Low production from a thin-layered sandstone reservoir in a complex depositional environment

Burapetco is an E&P joint-venture company operating in the Burg El Arab and Abu Sennan fields of the Alamien basin in the north Western Desert of Egypt. One of the hydrocarbon reservoirs Burapetco focuses on is the Cenomanian Bahariya Formation, which is composed of clastic (sandstone and shale) and nonclastic (carbonate) deposits with an increase of the carbonate facies toward the north.

To better understand the low production from the thin-layered Bahariya sandstone reservoir, Burapetco planned to conduct a study with the following sequential objectives: identify the lithofacies, sedimentological characteristics, and depositional environment to characterize the thin-layered sandstone reservoir and then use this information to build a 3D static model of it. Although the available seismic data was of poor resolution, three wells had been logged with the FMI fullbore formation microimager, which provided high-resolution image and dip data.

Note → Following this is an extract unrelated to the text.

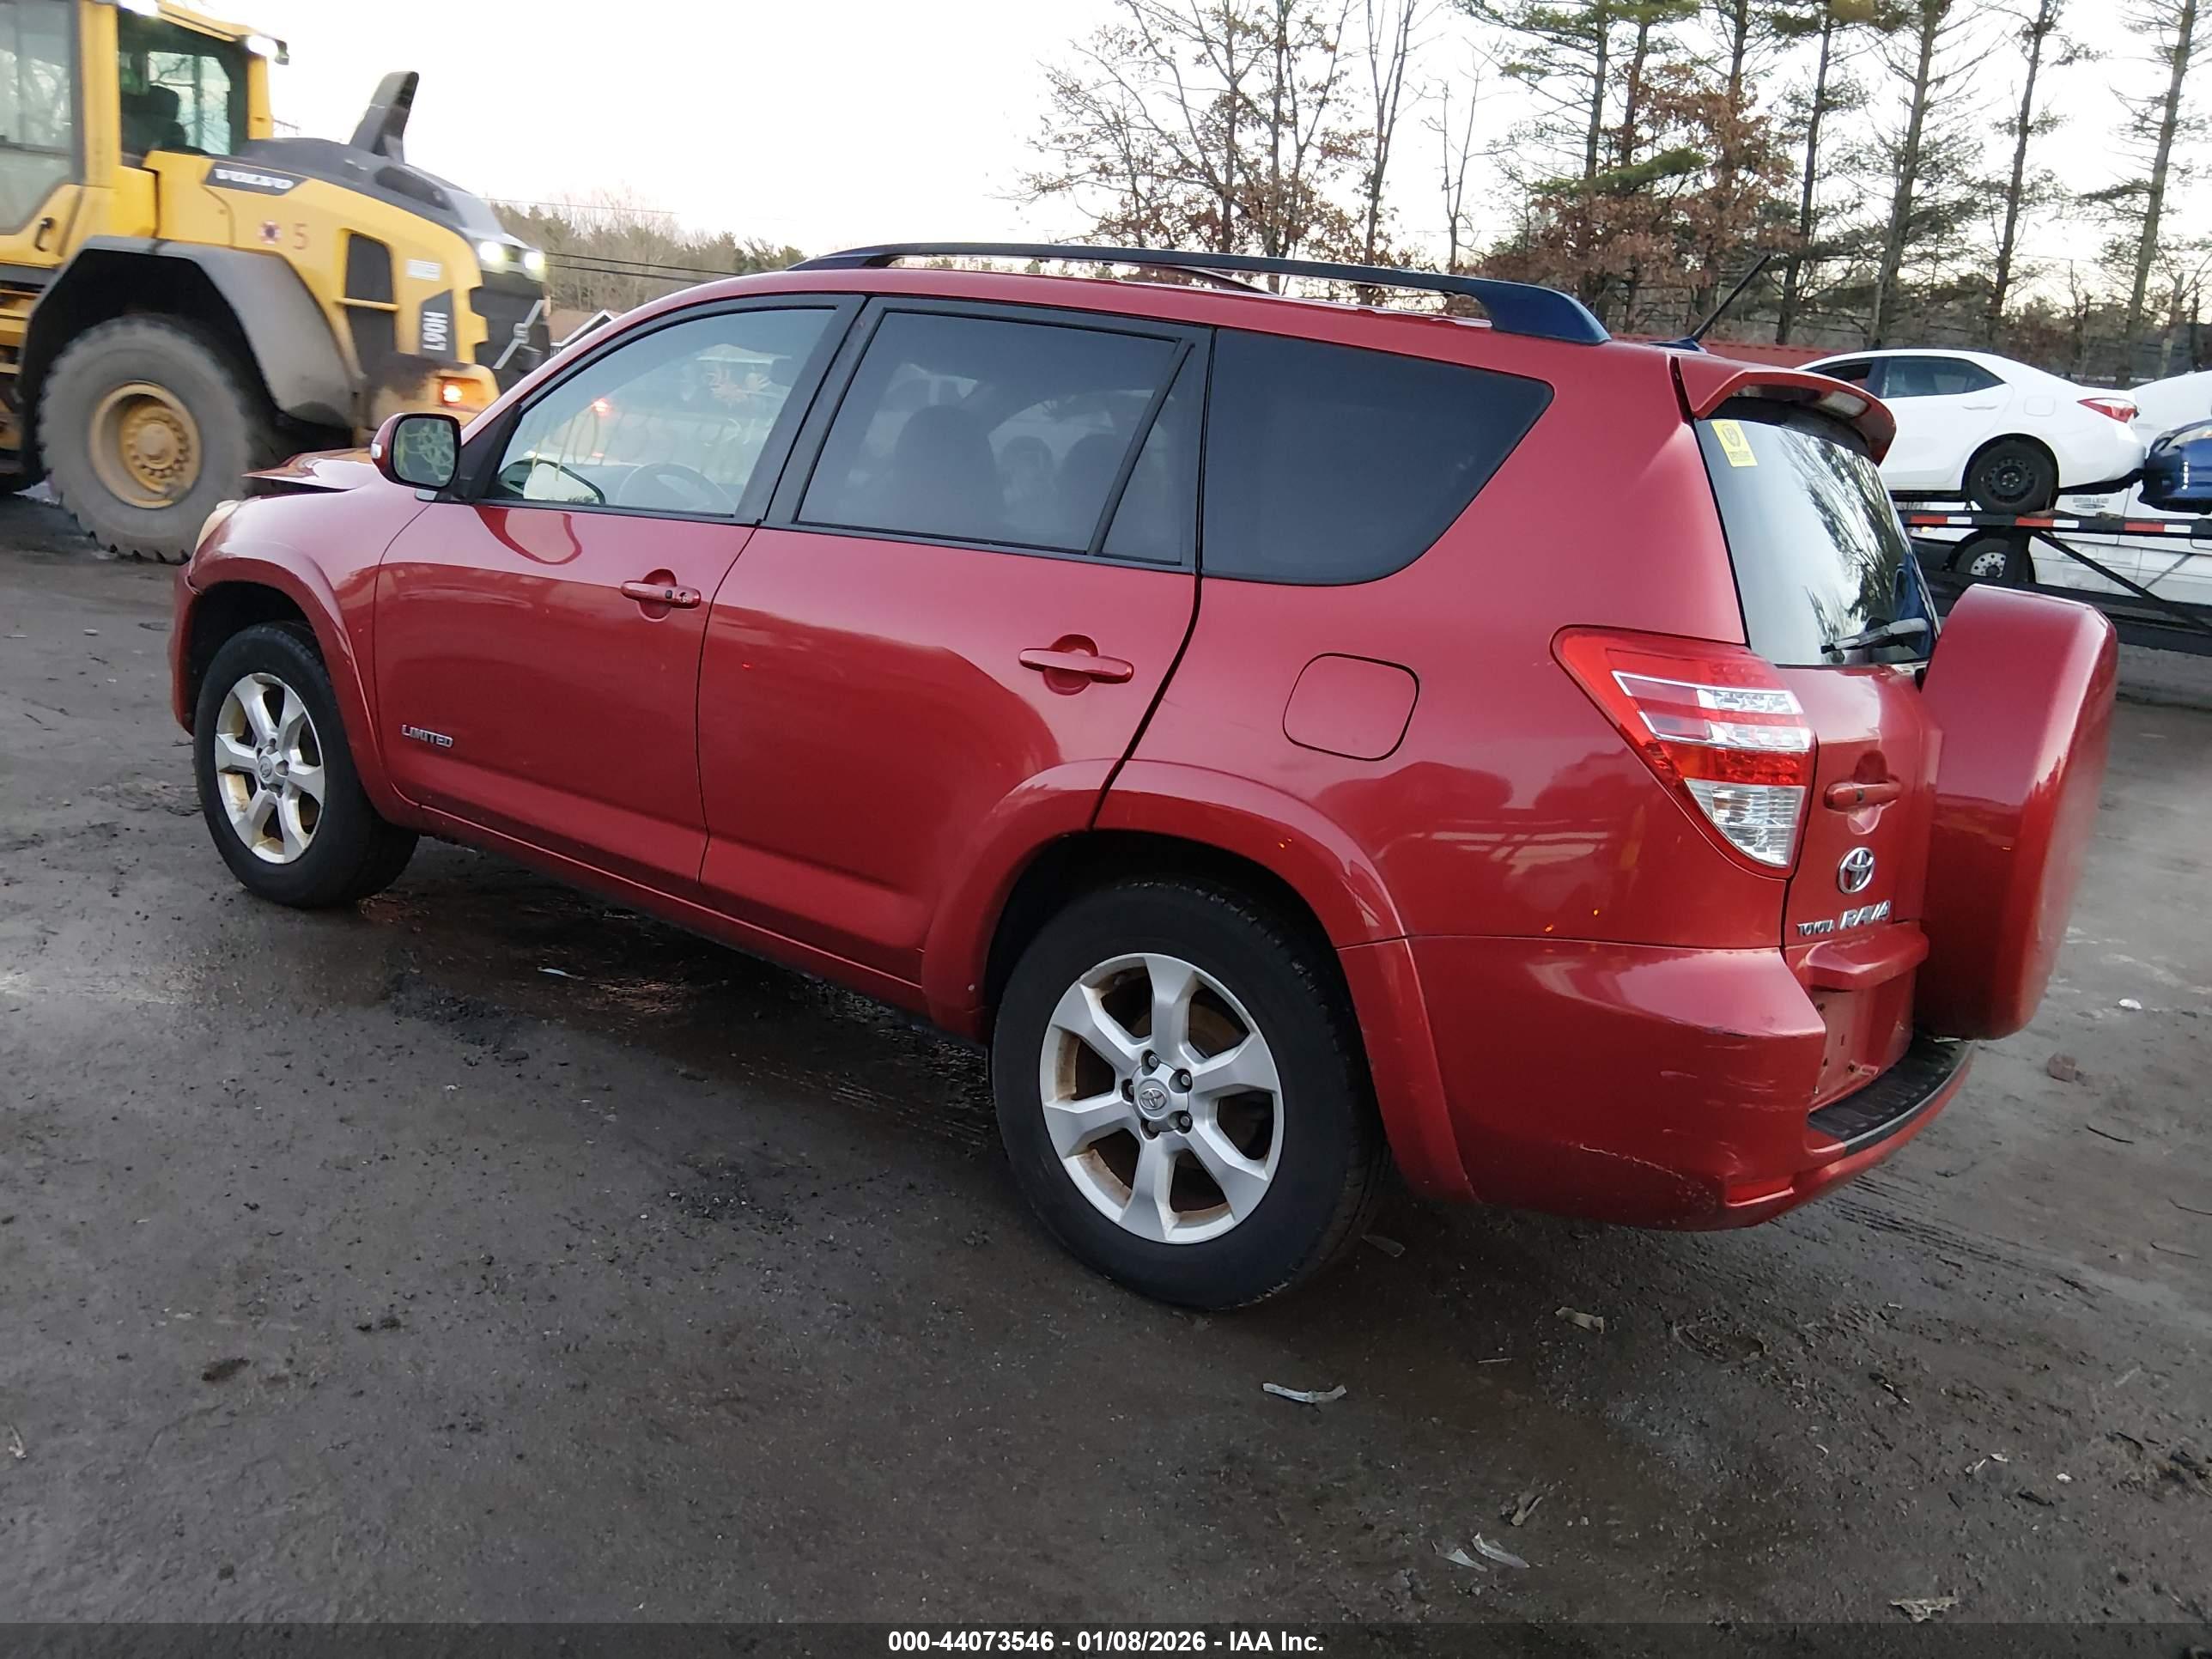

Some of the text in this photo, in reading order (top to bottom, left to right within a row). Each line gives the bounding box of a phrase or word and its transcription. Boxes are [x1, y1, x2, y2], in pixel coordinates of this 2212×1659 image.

Collaborative workflow integrating high-resolution imaging with 3D model building

Schlumberger proposed a collaborative workflow using both the Techlog wellbore software platform and Petrel E&P software platform with the support of the Schlumberger experts from Data Services. The workflow began with well interpretation of static and dynamic images obtained by the FMI fullbore formation microimager. The FMI microimager provided 0.2-in image resolution in both the vertical and azimuthal directions to give greater insight into both sedimentary and structural features. Manual dip picking was performed to extract dips for bed boundaries, sands, crossbeds, and erosional surfaces and to conduct statistical analysis and characterization of lithofacies, facies associations, and sedimentology. The resulting interpretation of the depositional environment for the top 100 ft of the Middle Bahariya sequence in each of three wells was then used to correlate the wells for constructing a 3D static model using an object-based statistical method.

From high-resolution images to high-resolution 3D static model

The first stage of the collaborative workflow was performed to identify the sedimentological and structural characteristics in each well by using the high-resolution imaging data from the FMI microimager.

The interpreted data for each well indicate a very low magnitude for the structural dip in all three wells, with an azimuth trend toward the northeast for Wells X-2 and X-3 (dip <5°) but toward the north northwest for Well X-1 (slightly higher dip range up to <7°). The sand dips show a similar dip pattern, with the crossbed dip magnitudes in a median range of 14°—16° and multiple azimuth trends dominantly toward the east-northeast and south at Well X-3, west-southwest at Well X-1, and north, northwest, and southeast at Well X-2.

The interpreted facies associations and environments from the FMI microimager data are mostly shallow marine carbonate and shelf shales in the lower part of the interpreted interval, whereas the upper part includes more clastic contributions, mostly as crossbedded sandstones in subtidal channels and flaser-bedded tidal flat sandstones. All crossbedding was identified within the subtidal channel depositional environment. All sandstones have mud clasts and finer materials that could have a negative impact on reservoir production.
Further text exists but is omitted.